AssumeEqualAcrossReplicas(Tensor t, const DebugContext &debugContext = {})

class Block : public poplar::program::Program 

#include <Program.hpp>

A program to scope another program.

This can be used together with Engine option profiler.blocks.filter to profile the cycle length of each execution of the scoped program.

Public Functions

Block(const Program &p, const DebugContext &debugContext = {})

class Call : public poplar::program::Program 

#include <Program.hpp>

A program to perform a function call to a previously stored program.

Public Functions

Call(Function f, const DebugContext &debugContext = {})

Call the function.

Parameters

f – A program that has been added to the graph using Graph::addFunction.
debugContext – Optional DebugId and program name.

Call(HostFunction f, ArrayRef<Tensor> inputs, ArrayRef<Tensor> outputs, const DebugContext &debugContext = {})

Call a function in the host.

Parameters

f – A program that has been added to the graph using Graph::addHostFunction
inputs – Array of tensors containing the host function’s input
outputs – Array of tensors to transfer the result of each host function’s output arguments.
debugContext – Optional DebugId and program name.

class Copy : public poplar::program::Program 

#include <Program.hpp>

A program that copies data.

Public Functions

Copy(Tensor src, Tensor dst, bool dontOutline = false, const DebugContext &debugContext = {})

Construct a program to copy data from one tensor to another.

This constructor creates a program that will copy data from the src tensor to the dst tensor.

Parameters

src – The tensor to copy from.
dst – The tensor to copy to.
dontOutline – Do not outline this copy as a function call. Default is false (the copy will be outlined).
debugContext – Optional DebugId and program name.

Copy(const DataStream &stream, Tensor dst, bool optimiseMemory = false, const DebugContext &debugContext = {})

Construct a program to copy from a data stream to a tensor.

See also

See the Poplar User Guide for more information about prefetching.

Parameters

stream – The stream to copy from.
dst – The tensor to copy to.
optimiseMemory – If set to true, Poplar will sacrifice speed to reduce memory use.
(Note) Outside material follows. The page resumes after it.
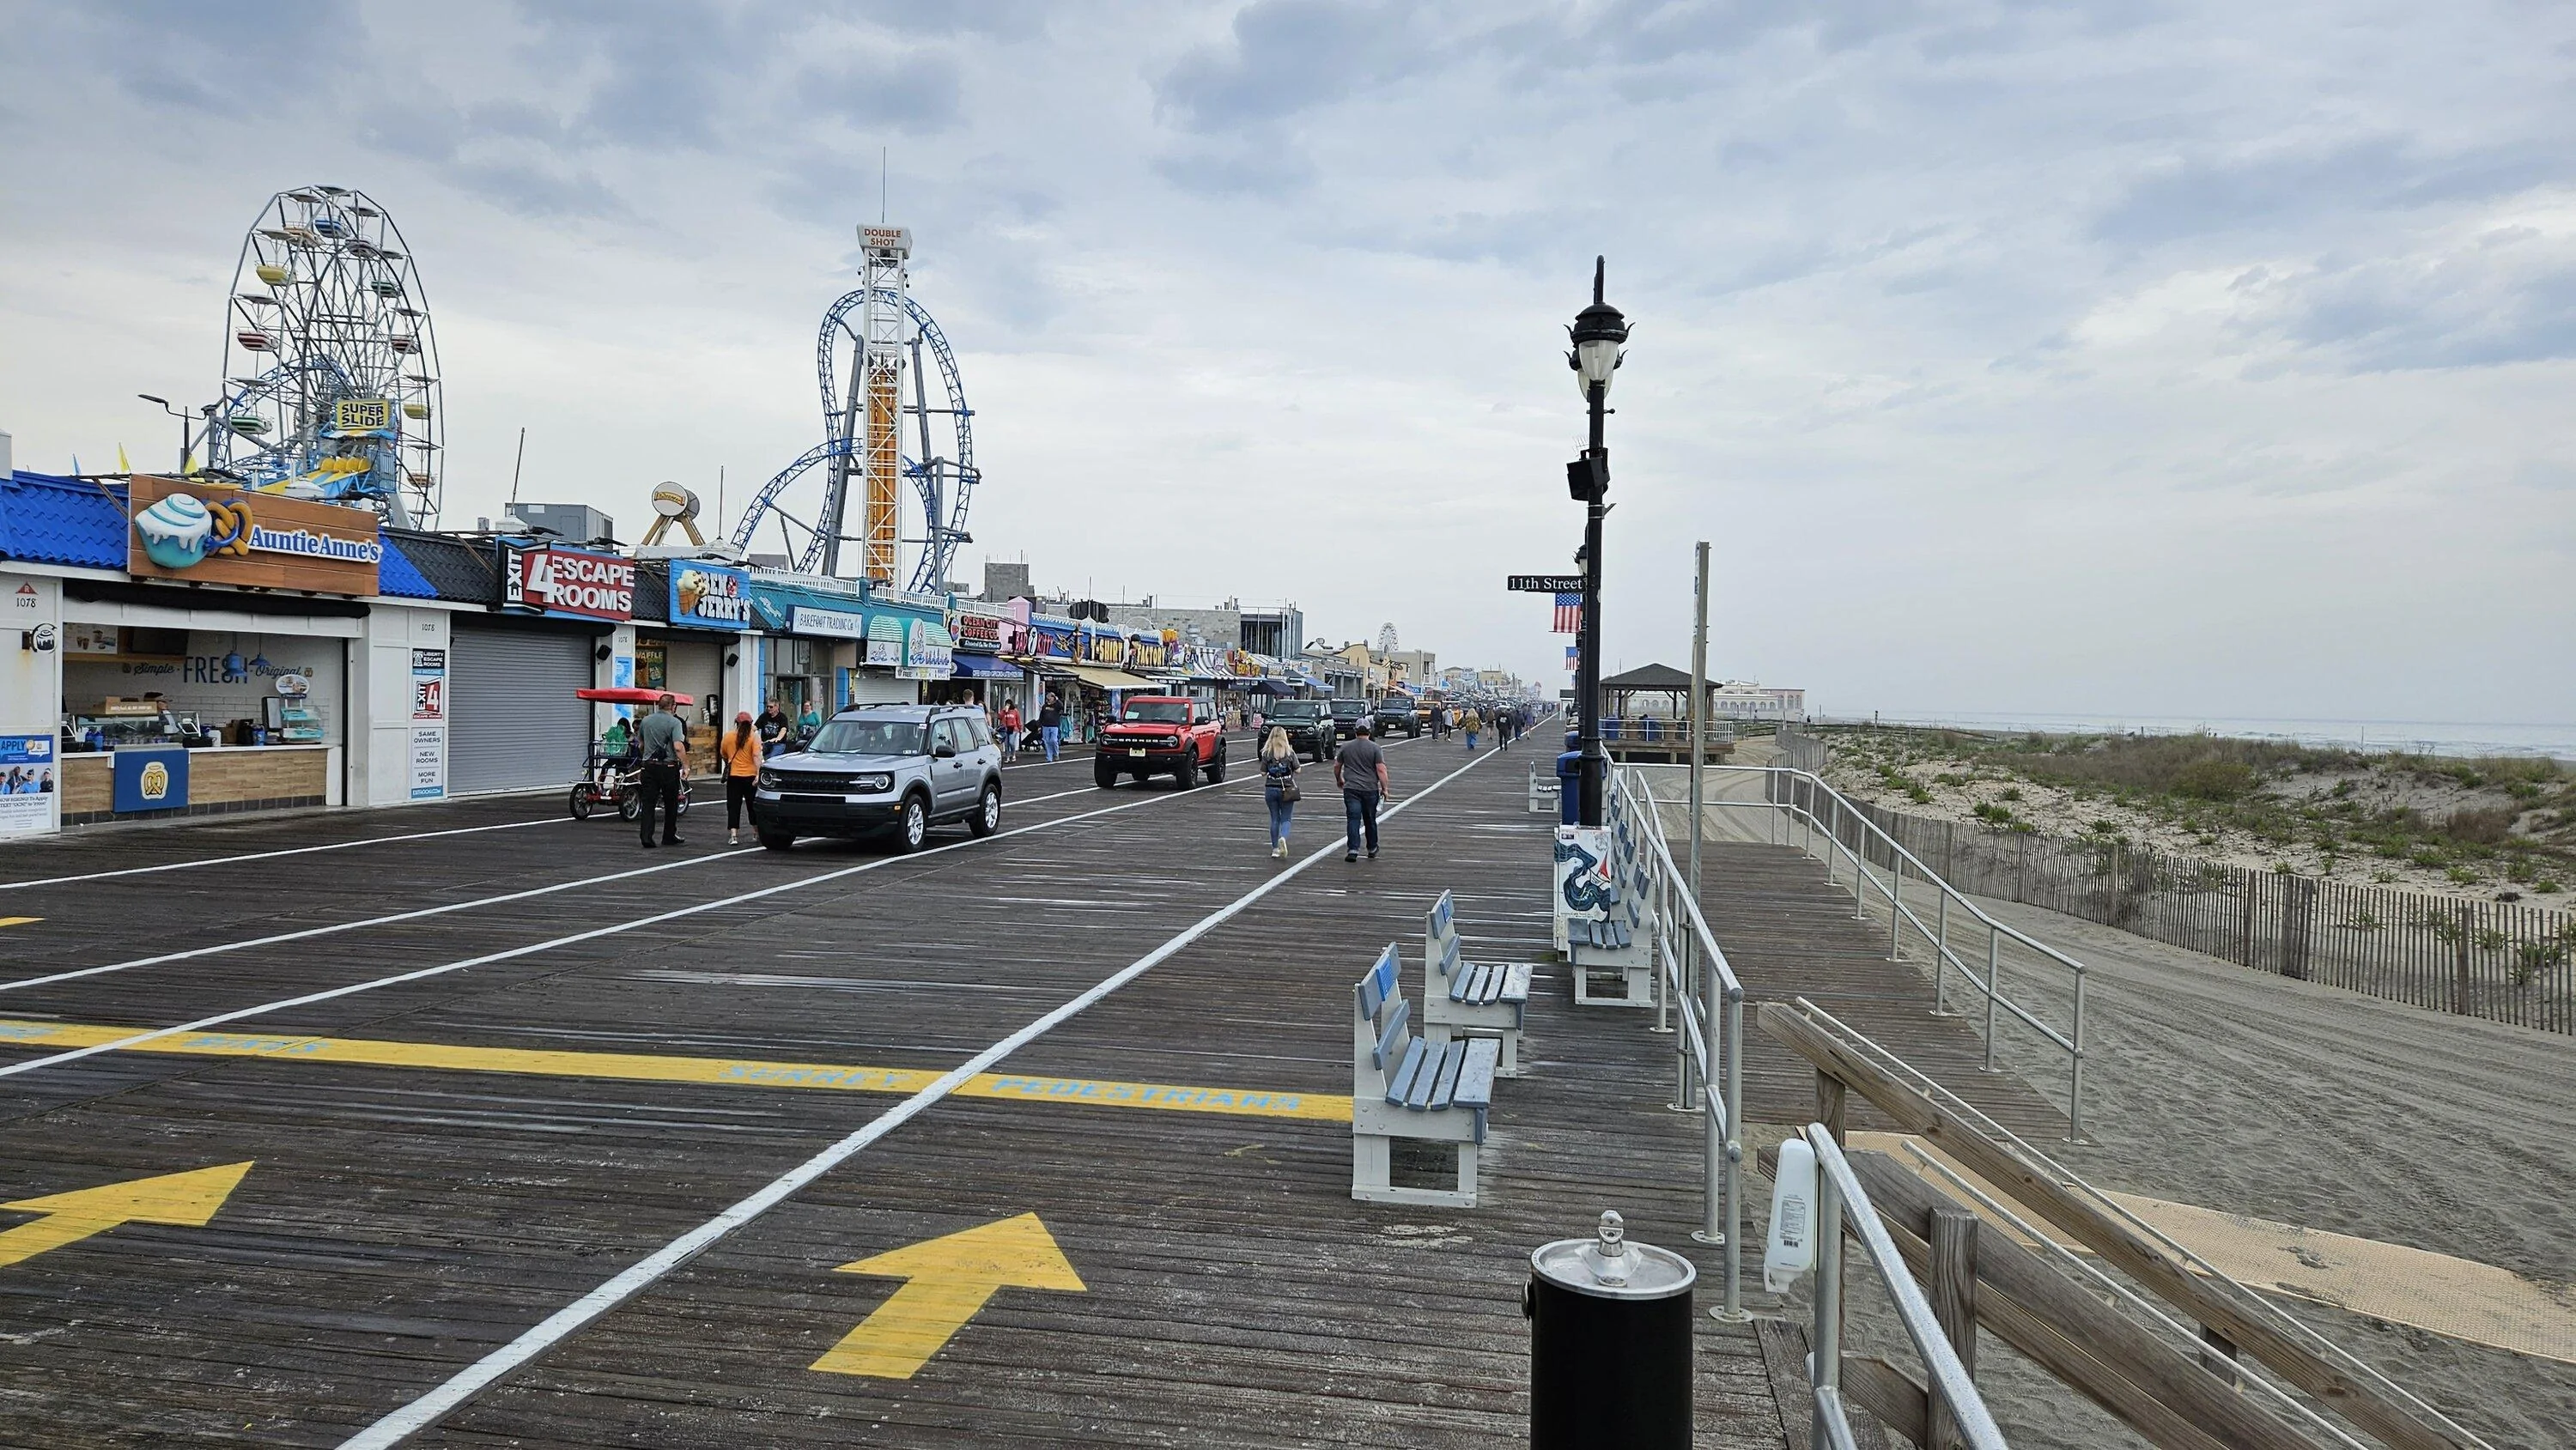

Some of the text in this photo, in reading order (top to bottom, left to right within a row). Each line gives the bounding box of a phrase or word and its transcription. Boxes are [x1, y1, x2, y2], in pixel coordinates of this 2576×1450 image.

For example, it may rearrange data on the host and outline writes. Setting this will disable prefetch.
debugContext – Optional DebugId and program name.

Copy(Tensor src, const DataStream &stream, bool optimiseMemory = false, const DebugContext &debugContext = {})

Construct a program to copy a tensor to a data stream.

See also

See the Poplar User Guide for more information about prefetching.

Parameters

src – The tensor to copy from.
stream – The stream to copy to.
optimiseMemory – If set to true, Poplar will sacrifice speed to reduce memory use. For example, it may rearrange data on the host and outline writes. Setting this will disable prefetch.
debugContext – Optional DebugId and program name.

Copy(const RemoteBuffer &buffer, Tensor dst, const DebugContext &debugContext = {})

Construct a program to copy a remote buffer to a tensor.

Parameters

buffer – The remote buffer to copy from.
dst – The tensor to copy to.
debugContext – Optional DebugId and program name.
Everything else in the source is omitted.